Une tragédie secoue la scène politique congolaise ce mercredi alors que le corps sans vie de Chérubin Okende, ancien ministre des transports et opposant du régime Tshisekedi, a été découvert sur la route Poids Lourds à Kinshasa.
Ce haut cadre et porte-parole du parti de Moïse Katumbi, Ensemble pour la République, a été retrouvé inerte et criblé de balles. Cette brutale disparition laisse un pays en deuil et soulève de nombreuses questions quant à la sécurité des opposants politiques d’autant plus que les circonstances entourant la mort de Chérubin Okende sont troublantes.
En effet, mercredi dernier, une alerte avait été émise par ses proches, signalant son enlèvement par des individus inconnus lourdement armés pour une destination inconnue. Les faits se sont déroulés devant la Cour constitutionnelle, où l'ancien ministre des Transports avait, selon plusieurs sources, un rendez-vous prévu.
L'annonce de la découverte du corps de Chérubin Okende a provoqué une onde de choc dans tout le pays, et l’avenue Poids Lourds, où le corps a été retrouvé, a été rapidement envahie par des embouteillages. Les autorités sont appelées à dépêcher une équipe d'enquêteurs pour tenter de comprendre les circonstances de cet assassinat et identifier les responsables.

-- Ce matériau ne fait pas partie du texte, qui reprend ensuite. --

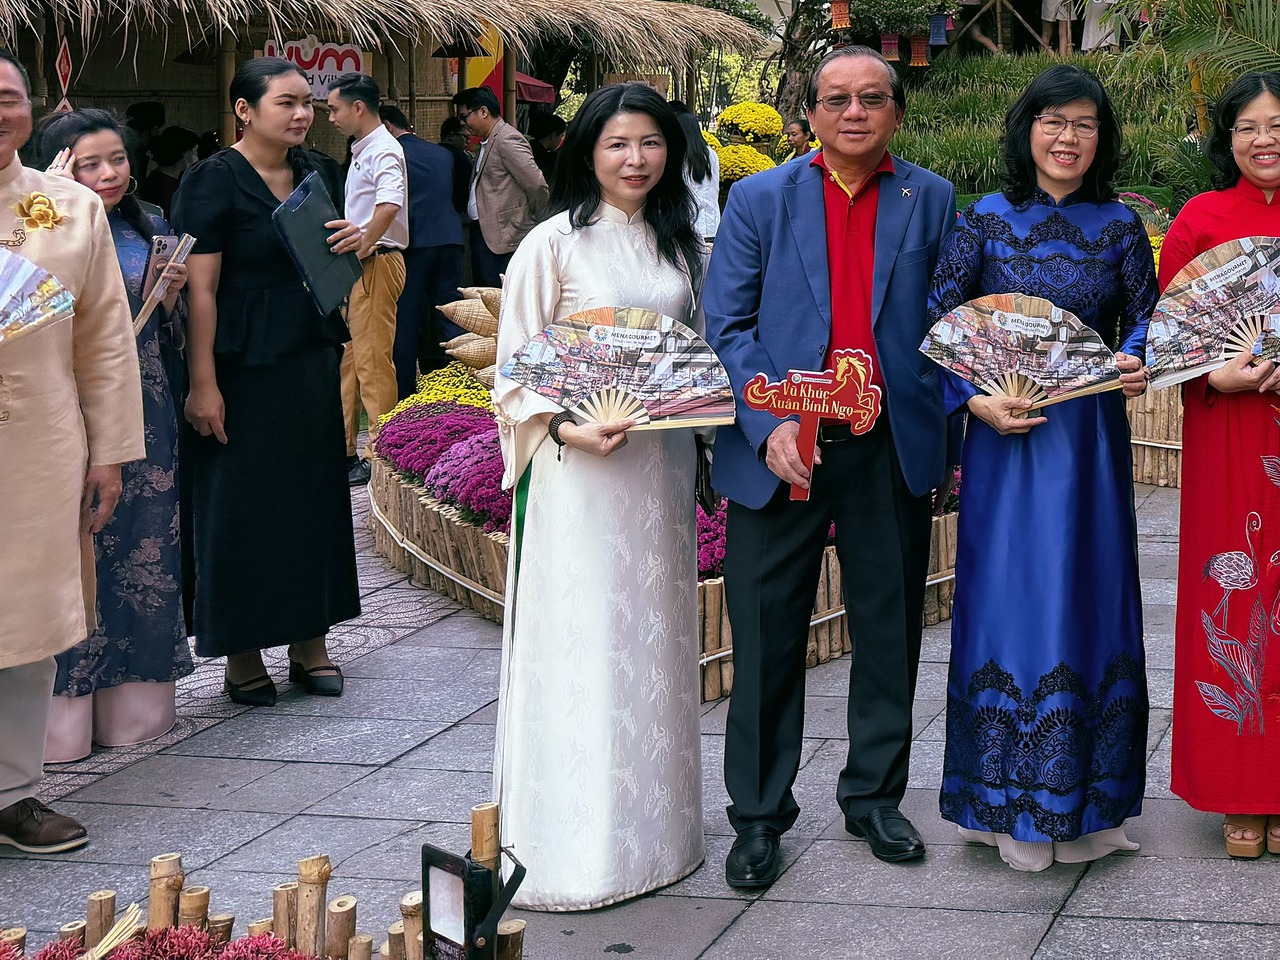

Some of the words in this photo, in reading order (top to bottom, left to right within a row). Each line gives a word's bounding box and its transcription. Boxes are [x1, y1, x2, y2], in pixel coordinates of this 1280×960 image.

[783, 382, 798, 396] Vũ
[799, 383, 830, 400] Khúc
[769, 394, 800, 410] Xuân
[802, 398, 829, 413] Bính
[831, 401, 854, 419] Ngọ

Alors que le pays fait face à une période politique tumultueuse, marquée par des tensions entre le pouvoir en place et l'opposition, l'assassinat de Chérubin Okende ne fait qu'accentuer les divisions et le climat d'insécurité qui règne. Les autorités congolaises sont désormais confrontées à la tâche urgente de garantir la sécurité des militants politiques et de prendre des mesures pour prévenir de tels actes de violence à l'avenir.
Chérubin Okende était un haut cadre d'Ensemble pour la République, le parti dirigé par Moïse Katumbi, qui est également une figure majeure de l'opposition congolaise. Son rôle en tant que porte-parole lui donnait une voix influente dans la critique du régime en place. Sa disparition brutale laisse un vide au sein de l'opposition et suscite des préoccupations quant à la sécurité des militants politiques dans le pays à l’approche des élections législatives et présidentielle.